Tuesday 25th October 2016                 Change text size:

Green Investment Bank decision “a disgrace”

Vince Cable

The location of the Green Investment Bank (GIB) is set. The Government completely ignored Blue & Green Tomorrow’s recommendation of Nottingham, and instead, went down the well-trodden path of predictability and cowardice.

London and Edinburgh have been picked out by Vince Cable and co. as hosts of the GIB, with the headquarters located in Scotland, and the main transaction team in England.

Cable announced the decision on Thursday, March 8, stating, “Harnessing the strengths of Edinburgh and London will support the GIB’s ambition to become a world leader.

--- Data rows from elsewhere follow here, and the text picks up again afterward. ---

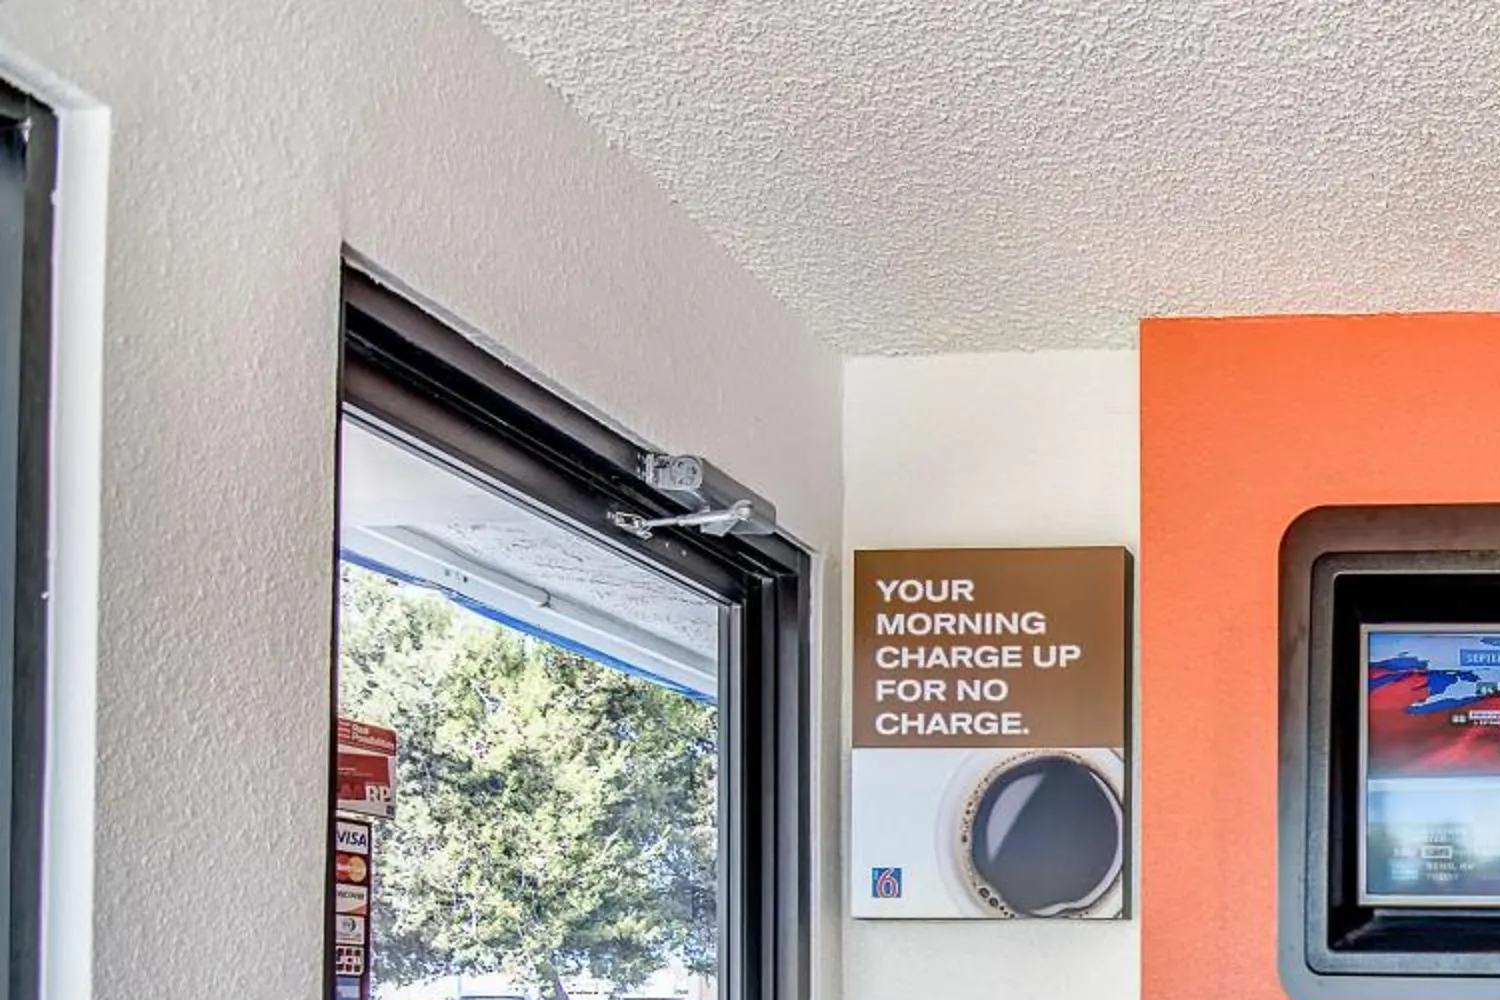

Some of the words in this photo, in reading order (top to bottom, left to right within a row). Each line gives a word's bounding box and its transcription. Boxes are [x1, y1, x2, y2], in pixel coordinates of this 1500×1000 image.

[876, 579, 975, 603] YOUR
[876, 611, 1046, 636] MORNING
[875, 645, 1022, 669] CHARGE
[1033, 644, 1081, 668] UP
[876, 679, 947, 702] FOR
[957, 679, 1009, 702] NO
[875, 711, 1029, 735] CHARGE.
[337, 831, 367, 847] VISA
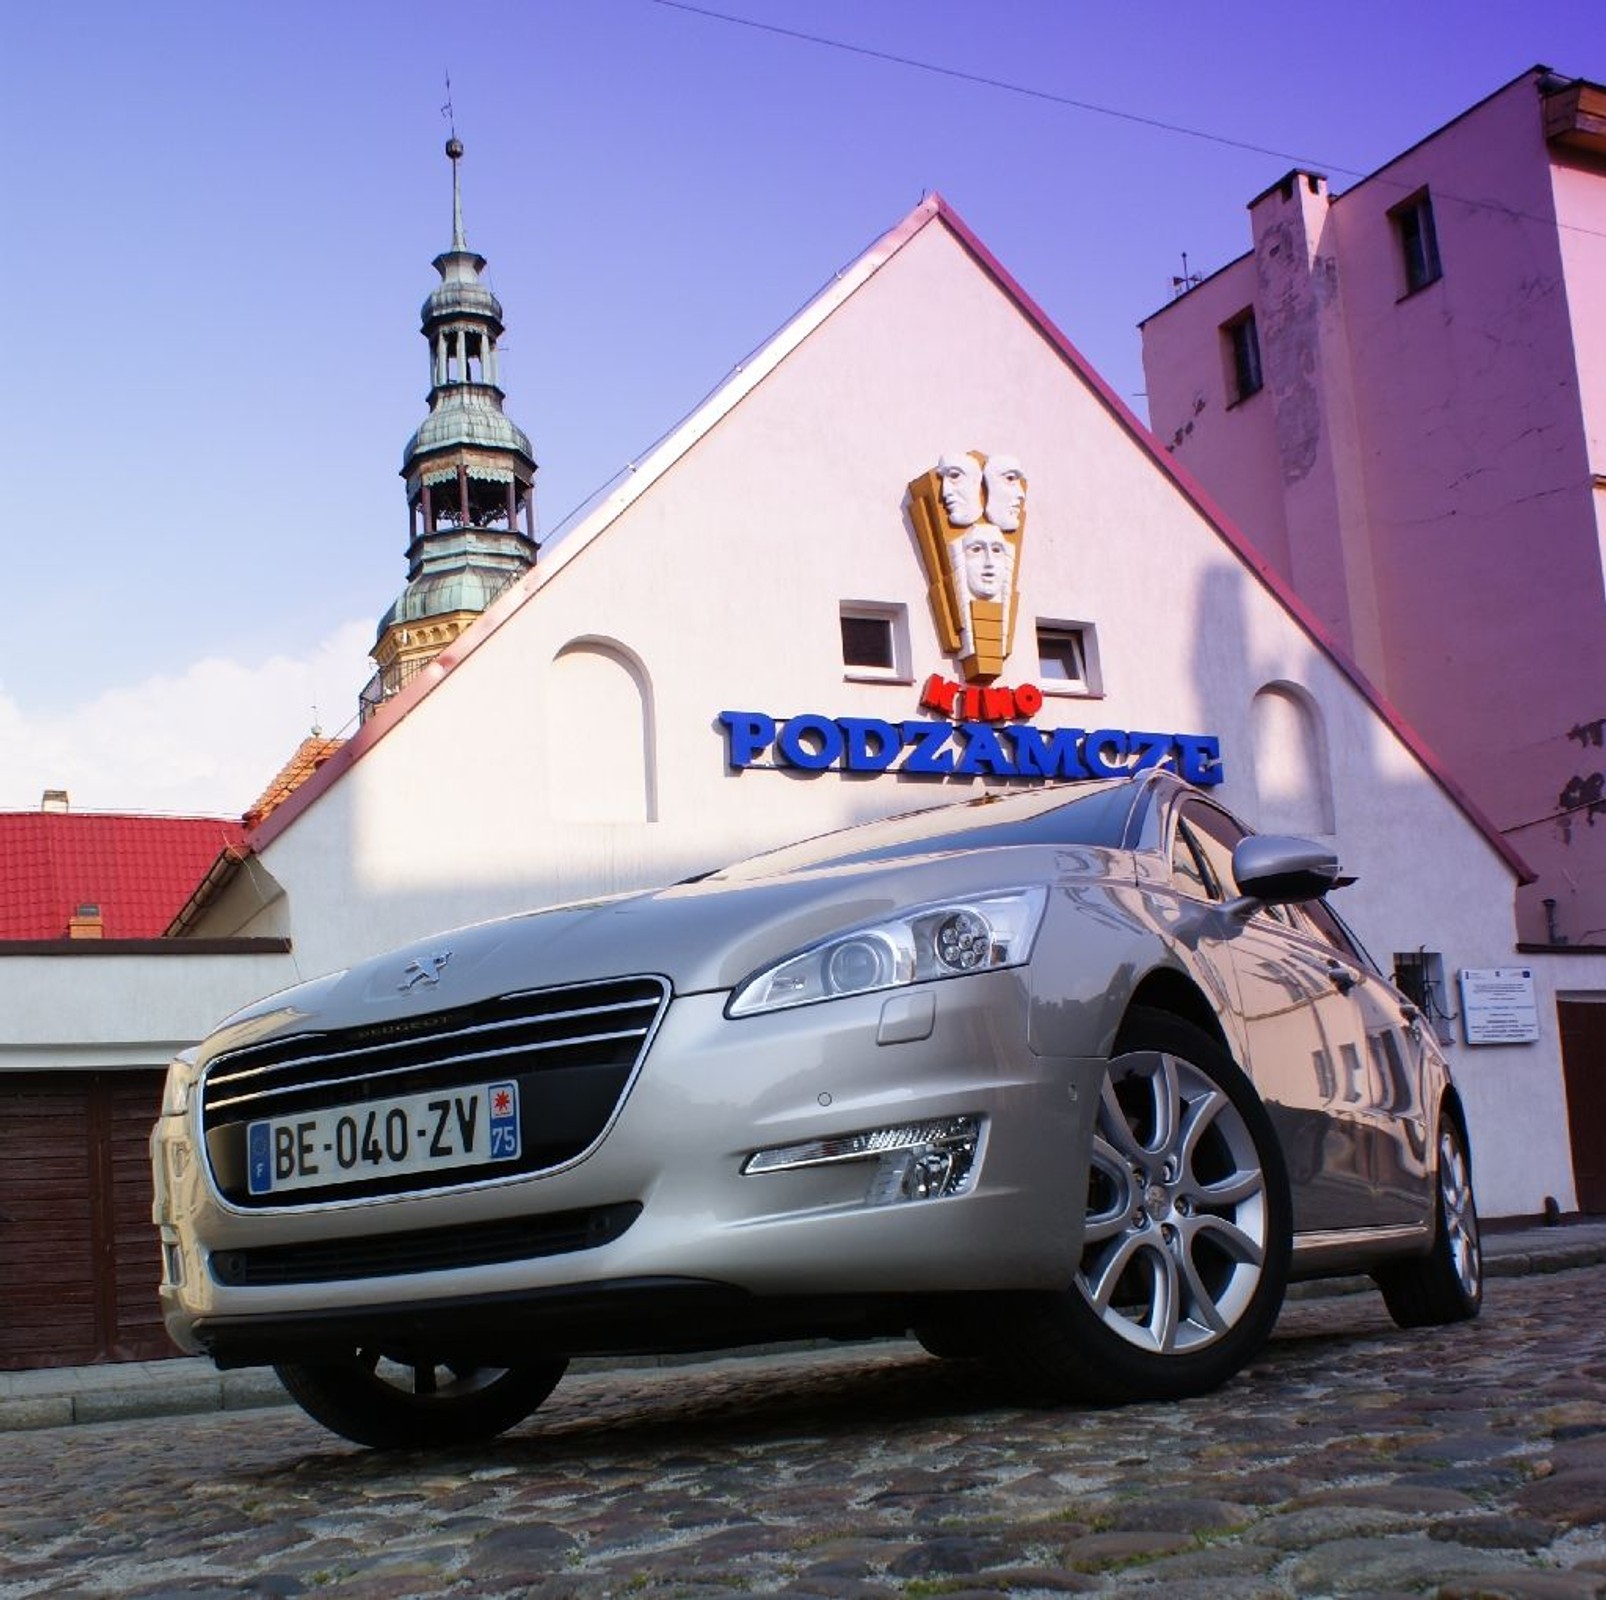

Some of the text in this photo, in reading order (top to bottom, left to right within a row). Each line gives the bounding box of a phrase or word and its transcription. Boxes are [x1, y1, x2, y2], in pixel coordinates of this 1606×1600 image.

[920, 673, 1042, 720] KINO
[720, 711, 1223, 784] PODZAMCZE
[275, 1096, 478, 1180] BE-040-ZV
[492, 1126, 515, 1155] 75
[256, 1163, 263, 1178] F

Edinburgh has a thriving green sector and respected expertise in areas such as asset management.

London, as the world’s leading financial centre, will ensure that the GIB’s transaction team can hit the ground running.”

The pair were picked from a group of 32 bidding cities – a list that included the likes of Leeds, Manchester, Hull and Leicester.

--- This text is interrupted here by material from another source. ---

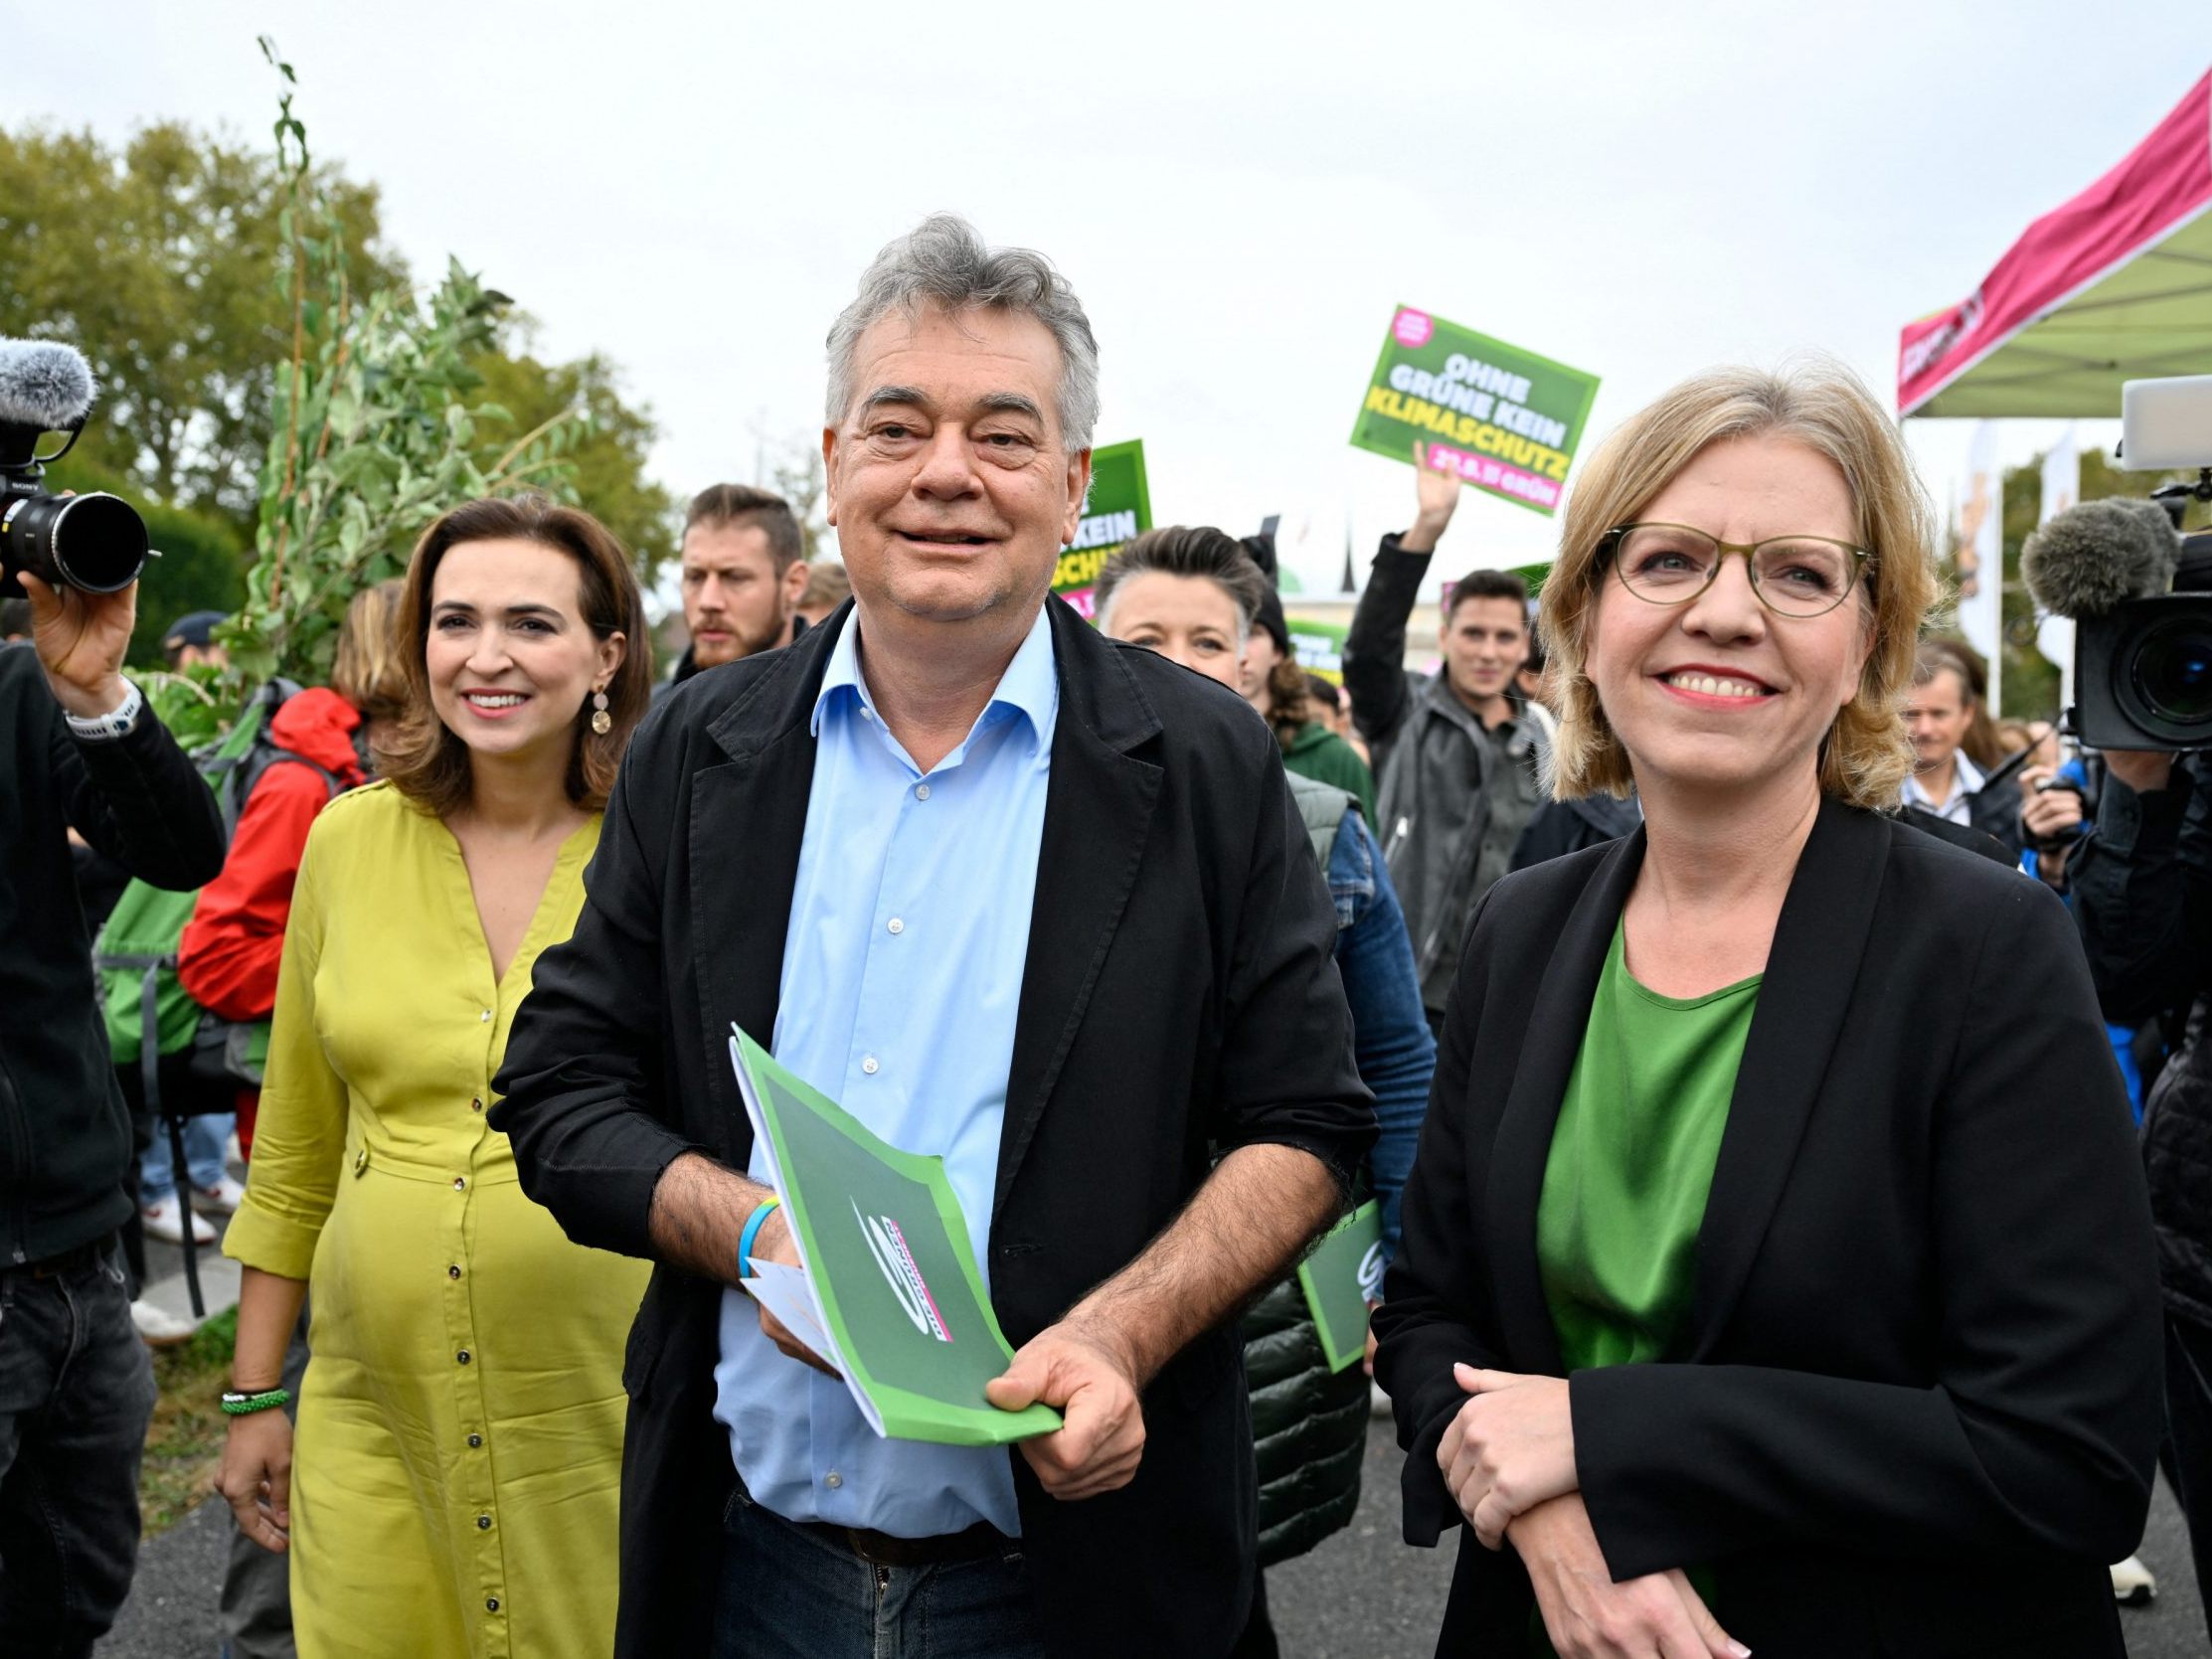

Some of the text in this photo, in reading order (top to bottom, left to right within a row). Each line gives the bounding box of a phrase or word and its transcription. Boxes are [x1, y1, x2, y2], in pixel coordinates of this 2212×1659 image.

Surely, the decision – which arguably selected the two most predictable options from the 32 – is undermining the whole ethos of the £3 billion scheme.

In its drive towards a low-carbon or green economy, opting for two already-established financial hubs seems tiresome. The GIB should be about growth in places that need growth. Have we learnt nothing from the financial crisis?

To that end, in February, we decided to present our recommendation for the GIB using a number of critical criteria in a competition that can only be described as an FA Cup –X-Factor hybrid in excitement terms.

After five rounds of deep deliberation, we deemed Nottingham to be the most appropriate host city. The East Midlands city successfully sailed through scrutiny of its carbon levels, financial services sector, higher education institutions, and economic development, before being pitted in a head-to-head battle with Brighton, where after investigation into each city’s transport links, it was eventually chosen as the winner.

The Government’s thought process in choosing Edinburgh as the headquarters is somewhat bizarre. Not only because it already boasts the UK’s second largest economy, but also because of the increasing likelihood that Scotland will eventually achieve independence.

Questions are bound to be raised over the fact that the GIB will have a London office as a supplement to its Edinburgh HQ in that event. But did politics sway the final decision? Apparently not, according to Mike Crockart, the Lib Dem MP for Edinburgh West in The Guardian.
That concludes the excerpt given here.